In August 2013, Stewart Butterfield sent an internal memo to his team. The subject was a pivot. Not the kind startups announce on TechCrunch to generate buzz, but a genuine, company-threatening lurch away from the thing they had spent two years building. Glitch, the massively multiplayer online game that had consumed his team’s energy and most of his investors’ money, was shutting down. What the team planned to do next was build a workplace messaging tool based on the internal chat system they had rigged together to coordinate their own development work.
That memo, later published under the title “We Don’t Sell Saddles Here,” is now considered a minor classic of startup writing. But most people who cite it focus on the wrong thing. They quote the inspirational parts about selling the “vacation” not the suitcase. What they skip over is the setup: a failed game studio, a team of people trying to salvage something from wreckage, and a product that only existed because they needed it themselves.
Slack found product-market fit by accident. Not accidentally in a charming, serendipitous way. Accidentally in the sense that the thing that worked was a byproduct of the thing that failed.
The Setup
Glitch launched publicly in 2011 after years of development. It was a genuinely strange, creative game, the kind of thing that should have attracted a devoted niche audience. It did attract a devoted niche audience, which turned out to be the problem. The player numbers never scaled to justify the infrastructure and headcount required to run it. In November 2012, Butterfield shut it down. His team had built something that people liked but not enough people needed.
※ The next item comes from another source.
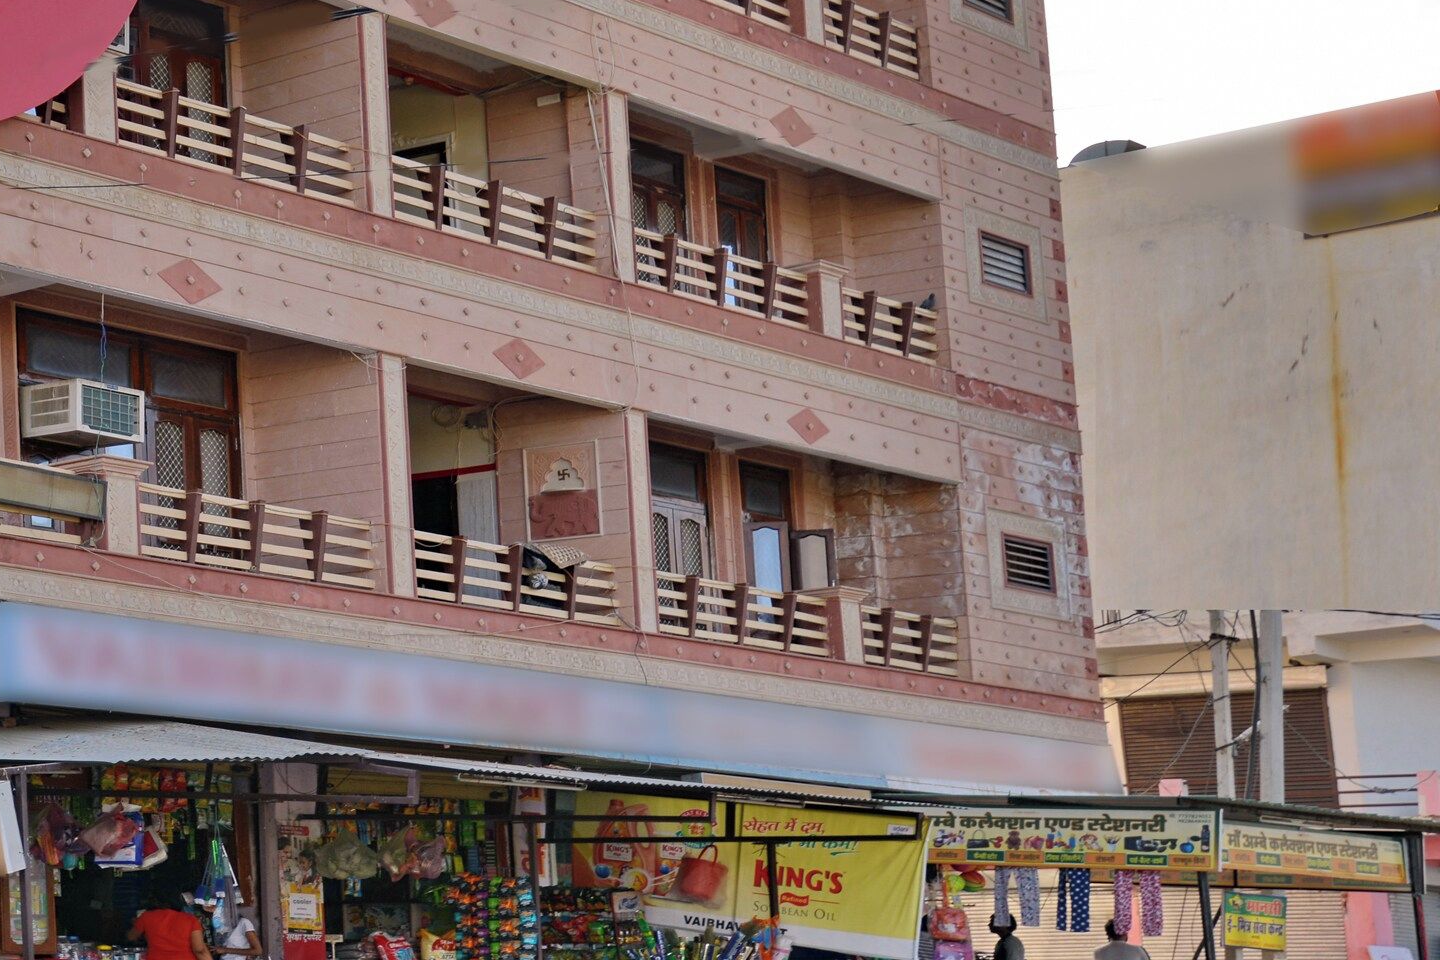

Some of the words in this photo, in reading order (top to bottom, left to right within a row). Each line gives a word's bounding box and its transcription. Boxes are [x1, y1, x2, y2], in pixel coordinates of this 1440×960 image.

[743, 817, 779, 834] सेहत
[783, 817, 798, 832] में
[753, 859, 844, 895] KING'S
[753, 900, 809, 918] SOBEAN
During that development cycle, the team had been using an internal messaging system to coordinate across multiple time zones and disciplines. It was fast, searchable, and integrated with the tools they were already using. When Glitch died, some version of this internal tool was the one artifact from the wreckage that seemed genuinely useful beyond their own walls.
This is the part the startup mythology usually skips: they didn’t validate a hypothesis. They didn’t run a lean experiment. They built something for themselves, failed at the thing they were trying to build, and then looked at the rubble to see what was left.
What Actually Happened
The Slack beta launched in August 2013. Butterfield reached out to a handful of friendly companies to try it, starting with Rdio, Cozy, and a few others. Within 24 hours of opening the beta, roughly 8,000 people had signed up. That number, reported at the time and widely cited since, is interesting not because it proves demand but because of where it came from. These were people with a specific pain point, teams doing asynchronous coordination work, who recognized immediately that the thing in front of them was better than what they were using.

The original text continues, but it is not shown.